Starting this year, those companies also have to disclose their median worker's pay, as well as the ratio between that worker's compensation and the CEO's.
Firms have taken heat for the high multiples that top executives earn compared with their employees. But does the ratio also say something about performance?
A CNBC analysis of CEO pay ratios suggests that companies with more equal pay distribution also tend to generate higher profit per worker.
Prior academic research also suggests a performance penalty for unexplained differences in pay — that is, discrepancies that can't be explained by labor market economics. Ethan Rouen, an assistant professor at Harvard Business School, explored the phenomenon in his 2017 dissertation.
The reason may have to do with the impact that unfair pay has on workers, Rouen says. Workers may quit, for instance, or lack motivation if compensation is seen as unfair.
"Nobody expects to make as much as the CEO, but they expect to be paid fairly," he says.
Executive compensation more generally has been assailed for the apparent lack of correlation with performance. An MSCI analysis of hundreds of U.S. companies found that CEO pay totals were "poorly aligned" with performance over a 10 year period.
When U.S. companies disclosed the CEO pay ratio for the first time, many had a message to investors: Pay no attention.
Firms have warned that the CEO pay ratio — a requirement that was born out of the Dodd-Frank Act — shouldn't be used to compare different companies.
The ratios can vary depending on factors like the company's size, geographic distribution and percentage of part-time or seasonal workers. Companies also make decisions in how they calculate the ratio that affect the final outcome.
Experts also urge caution around reading too much into the ratio. "As an investor, I'd be hesitant to draw any conclusions from the raw number," Rouen says.
A report by advisory firm Willis Towers Watson found that companies take a range of approaches toward measuring compensation, making direct comparisons difficult. And a third of companies exclude some foreign workers from the calculation using what's known as the de minimis exemption.
Large discrepancies in pay crop up in some industries more than others — for example, retailers with many part-time workers have higher ratios than financial firms. Company size can also have a distortionary effect since CEOs at very large firms command outsize compensation, says Rouen.
In issuing the rule, the SEC explicitly stated that the purpose of the ratio was not "to facilitate comparisons." Given that, investors may well wonder what to do with it.

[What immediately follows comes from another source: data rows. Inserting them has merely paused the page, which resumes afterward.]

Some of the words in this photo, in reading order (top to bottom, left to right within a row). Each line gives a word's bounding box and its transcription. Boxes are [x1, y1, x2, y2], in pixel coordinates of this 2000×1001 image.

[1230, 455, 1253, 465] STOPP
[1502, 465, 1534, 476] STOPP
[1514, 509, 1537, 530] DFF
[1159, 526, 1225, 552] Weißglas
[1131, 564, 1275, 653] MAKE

Brian Blackwood, an executive compensation consultant at Willis Towers Watson, says that investors are still "most keenly interested in what the pay for performance structure looks like," rather than how that CEO compensation relates to worker pay.

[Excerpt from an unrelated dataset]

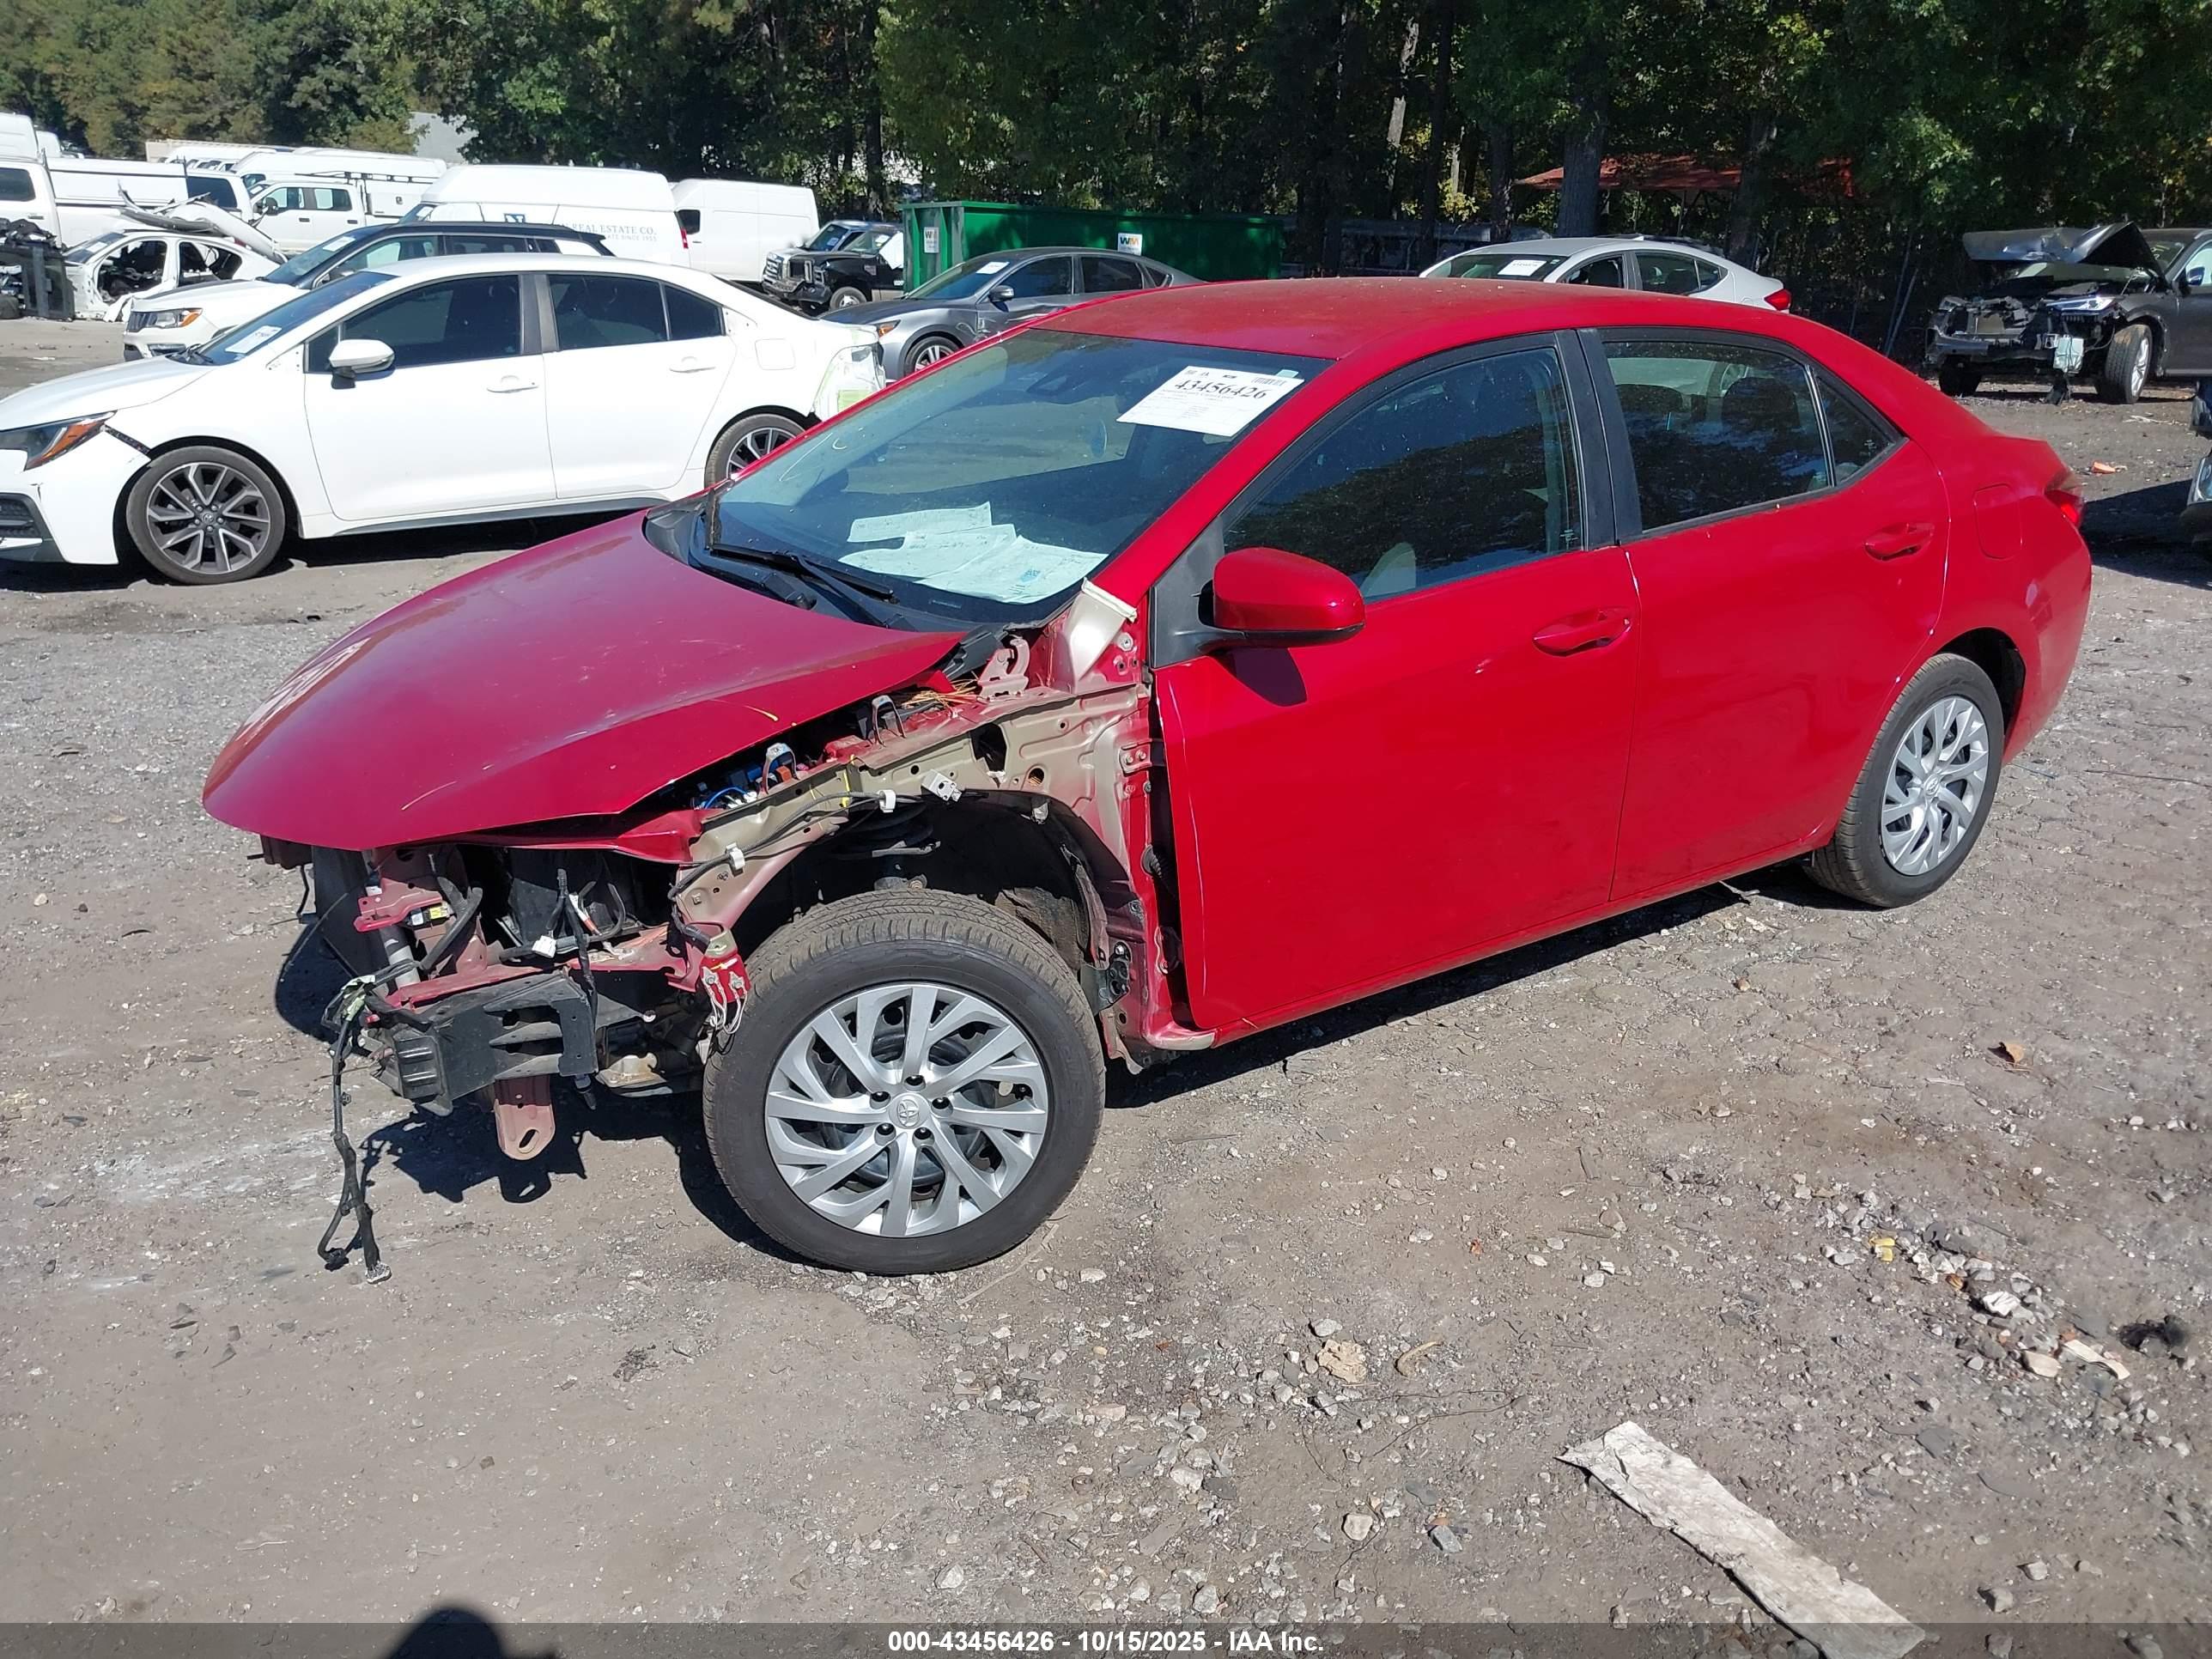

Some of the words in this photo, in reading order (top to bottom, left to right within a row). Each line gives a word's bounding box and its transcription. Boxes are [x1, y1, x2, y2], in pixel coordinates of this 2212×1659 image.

[600, 224, 637, 234] ESTATE
[640, 226, 658, 235] CO.
[1120, 236, 1139, 246] WM
[1175, 380, 1272, 399] 43456426

"The investors who will find the most value are those who have concerns about inequality," says Ric Marshall, executive director of ESG research at MSCI.
For companies, Blackwood says, the main concern is how employees will react to ratios that are in most cases exceedingly high.
"The disclosure isn't going to look good no matter what," says Rouen. "Most shareholders probably hope that most employees don't see this information."
Blackwood says that some firms are trying to use the ratios as an opportunity to start discussions around employee value. Proponents of the disclosure requirement say that more transparency should help to boost the pay of typical workers and curtail excessive pay to executives.
The goal for many advocates is to raise median wages and move companies closer in line with historic ratios. Back in 1965, the average CEO-to-worker pay ratio was 20-to-1, according to a report by the Economic Policy Institute. By 2013, the figure had grown to 296-to-1.